Nation sets election date after three years without parliament
Egypt is to hold parliamentary elections in two stages in October and November after being without a parliament since it was dissolved in June 2012.
The elections are due to take place in 14 governates on 18-19 October, and in 13 governates including Cairo, on 22-23 November. Egyptian voters living abroad will cast ballots in a first stage on 17-18 October, and a second round on 21-22 November.
The elections had originally been scheduled for March and April but were postponed indefinitely after Egyptian courts ruled that the legislation defining electoral districts and the individual seats system was unconstitutional.
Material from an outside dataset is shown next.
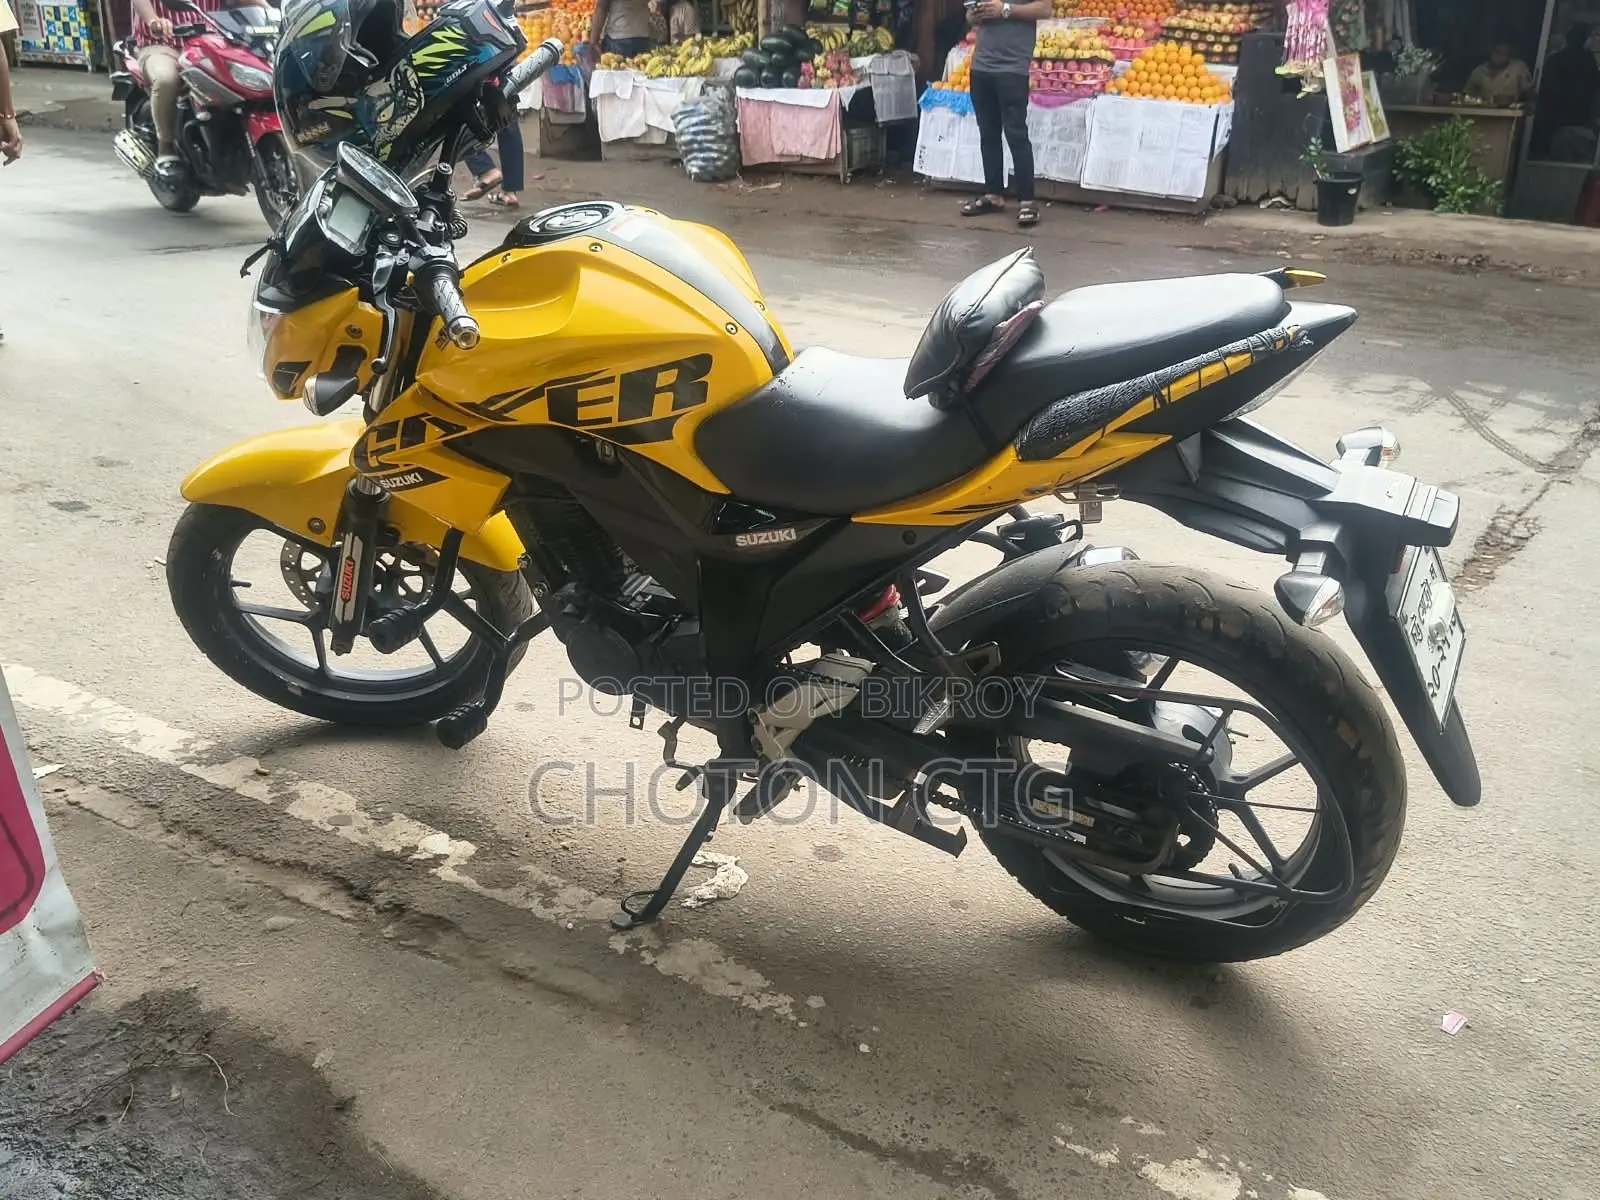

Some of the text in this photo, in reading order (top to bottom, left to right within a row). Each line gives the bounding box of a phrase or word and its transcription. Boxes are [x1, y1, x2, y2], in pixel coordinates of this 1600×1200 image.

[379, 472, 424, 490] SUZUKI
[735, 527, 797, 547] SUZUKI
[341, 559, 355, 601] SUZUKI
However, following a recent amendment to the laws regulating electoral constituencies, the elections have now been given the green light.
The long-awaited parliamentary polls are the final stage in a “roadmap to democracy” announced by then army chief Sisi immediately after the ousting of Islamist president Mohammad Morsi in July 2013.
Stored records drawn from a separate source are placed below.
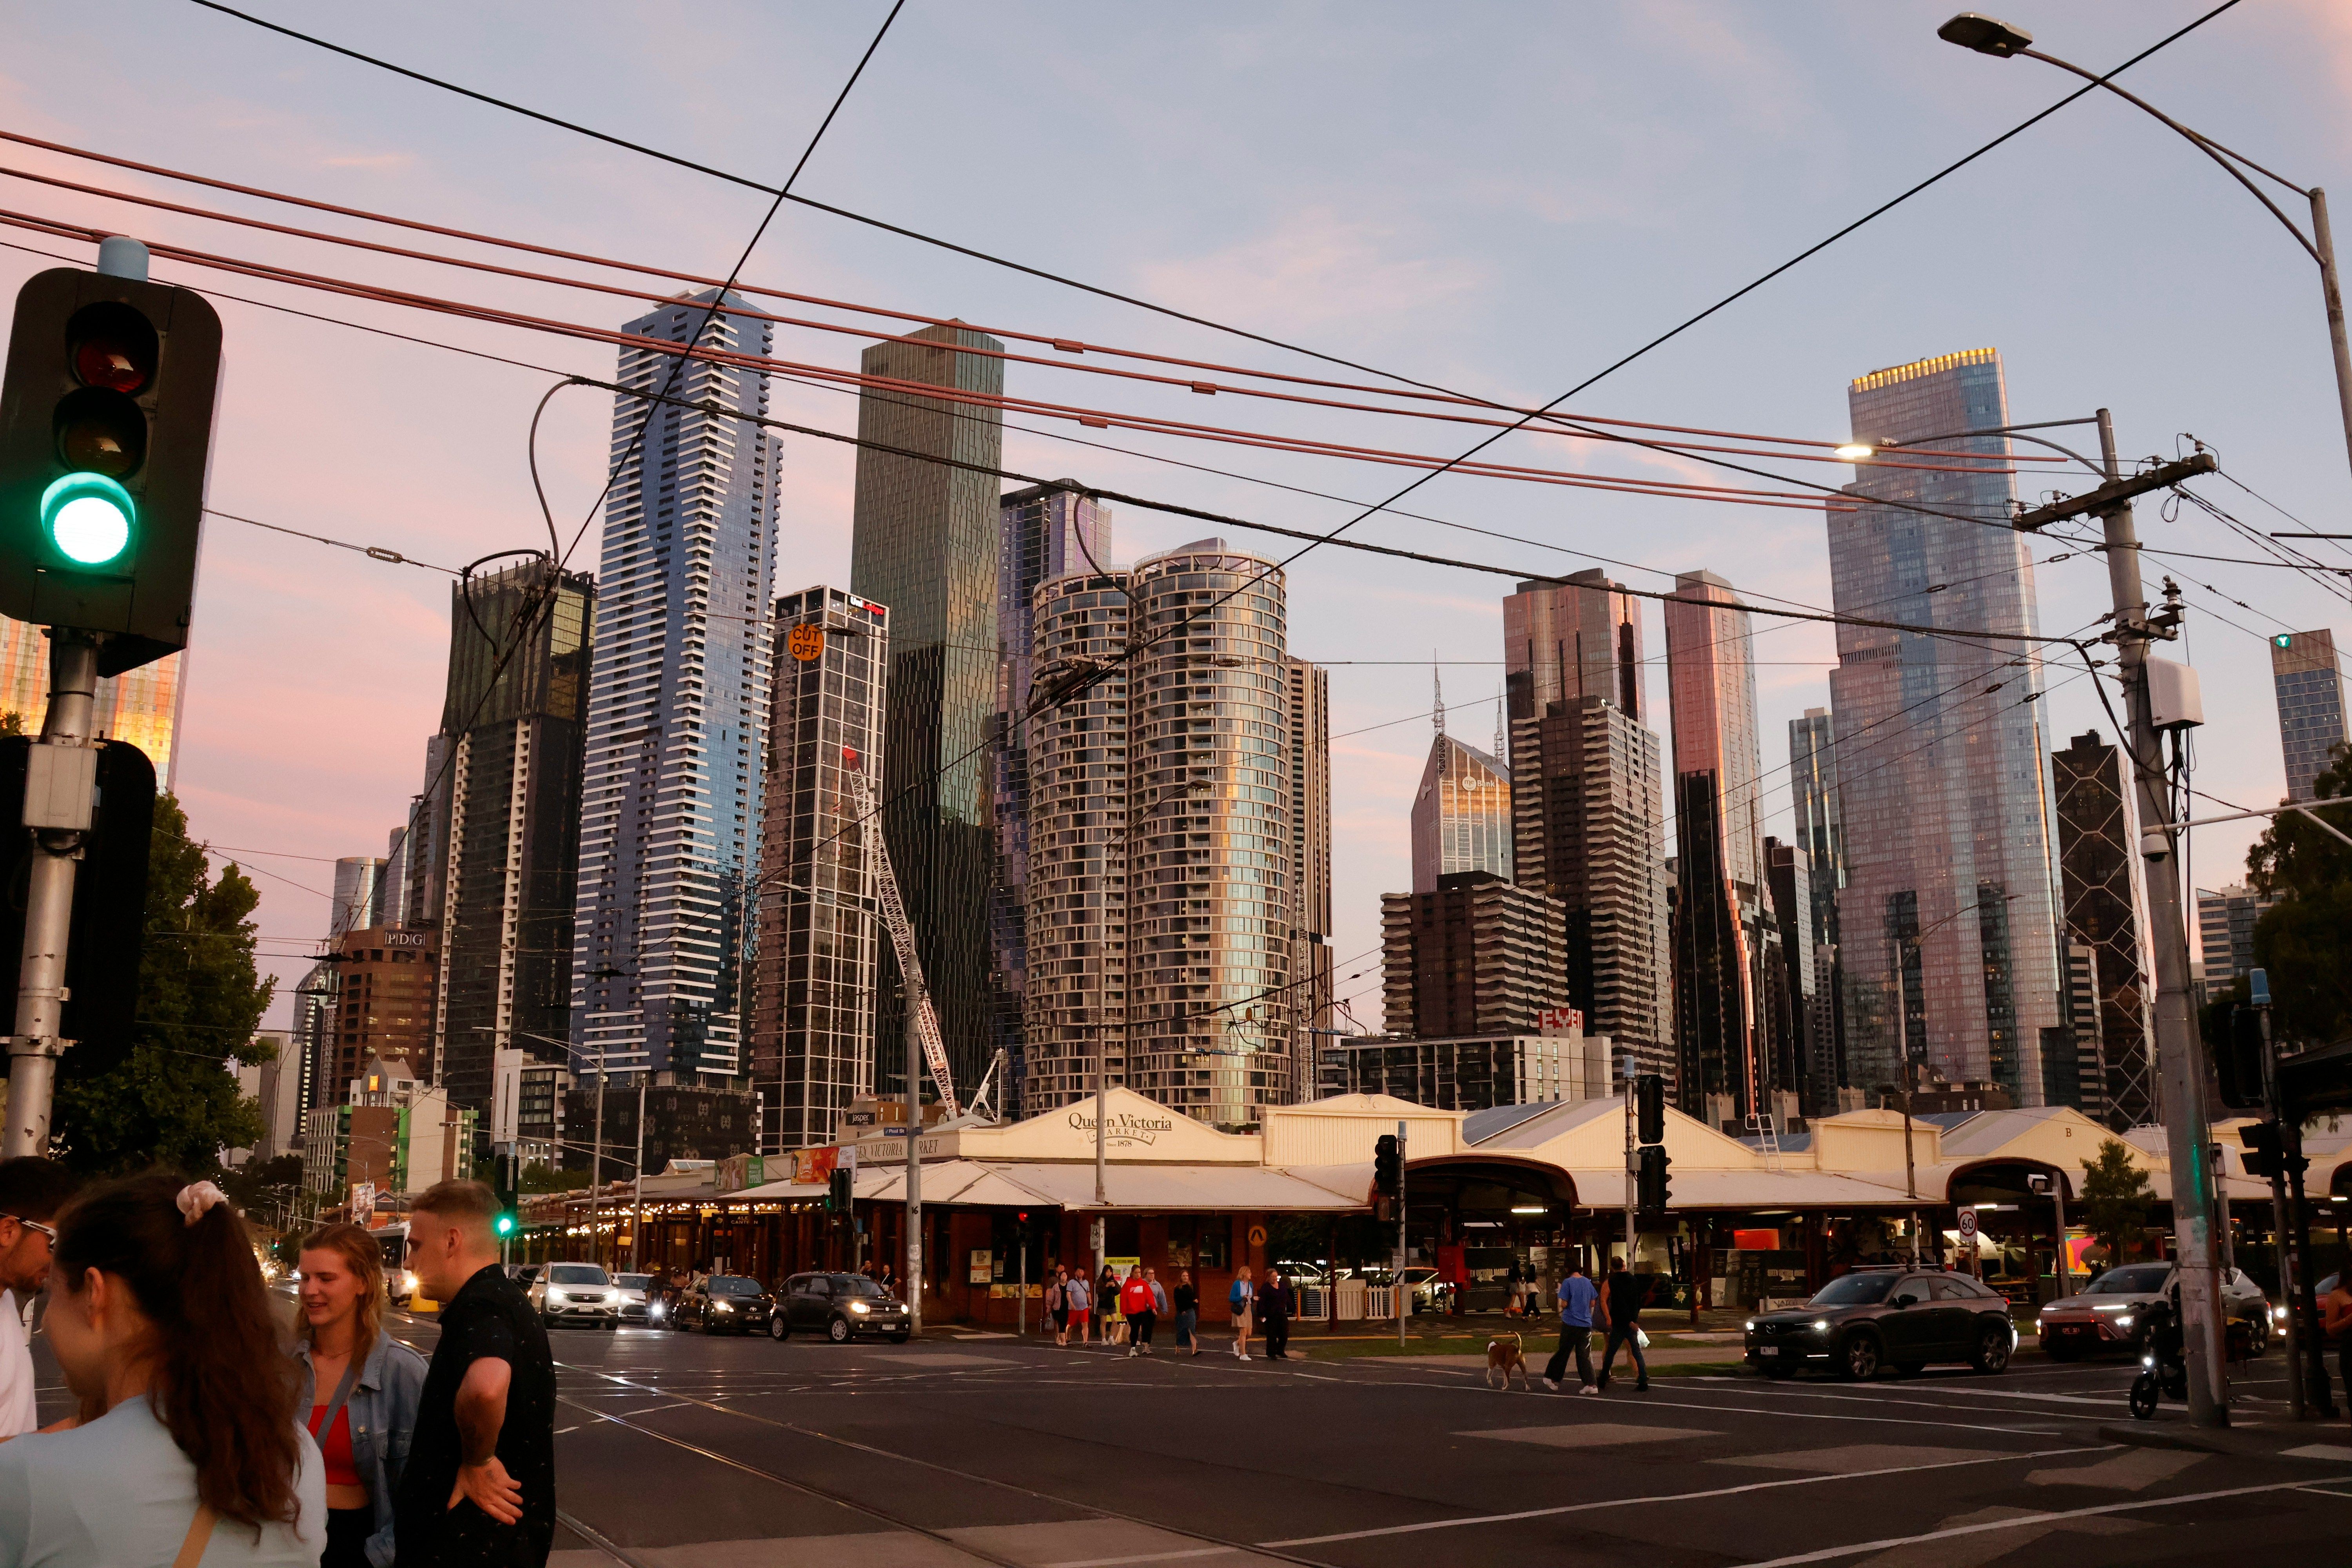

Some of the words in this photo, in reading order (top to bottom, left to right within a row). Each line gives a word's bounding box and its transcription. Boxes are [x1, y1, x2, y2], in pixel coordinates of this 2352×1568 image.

[850, 596, 884, 615] UniLodge
[793, 628, 820, 642] CUT
[793, 643, 818, 656] OFF
[1069, 1112, 1114, 1130] Quen
[1118, 1114, 1172, 1129] Victoria
[1107, 1128, 1146, 1138] ARKET
[2065, 1128, 2072, 1137] B
[871, 1143, 902, 1157] VICTORIA
[919, 1140, 938, 1154] RKET
[1962, 1218, 1973, 1229] 60
The Egyptian parliament is made up of a of 568 seats, 448 of which are elected as indivudals, and 120 through party lists with quotas for women and the young. The president may appoint up to 28 of his own members, or five percent of the total.
Political analysts predict that politicians loyal to Sisi will win heavily in the polls. This is likely to please Egypt's western allies who view the president as a bulwark against jihadist terrorism, but disappoint those who accuse him of repression and quashing any real opposition, in particular his clampdown on Morsi's Muslim Brotherhood party.
The government says the elections are proof of Egypt's commitment to democracy.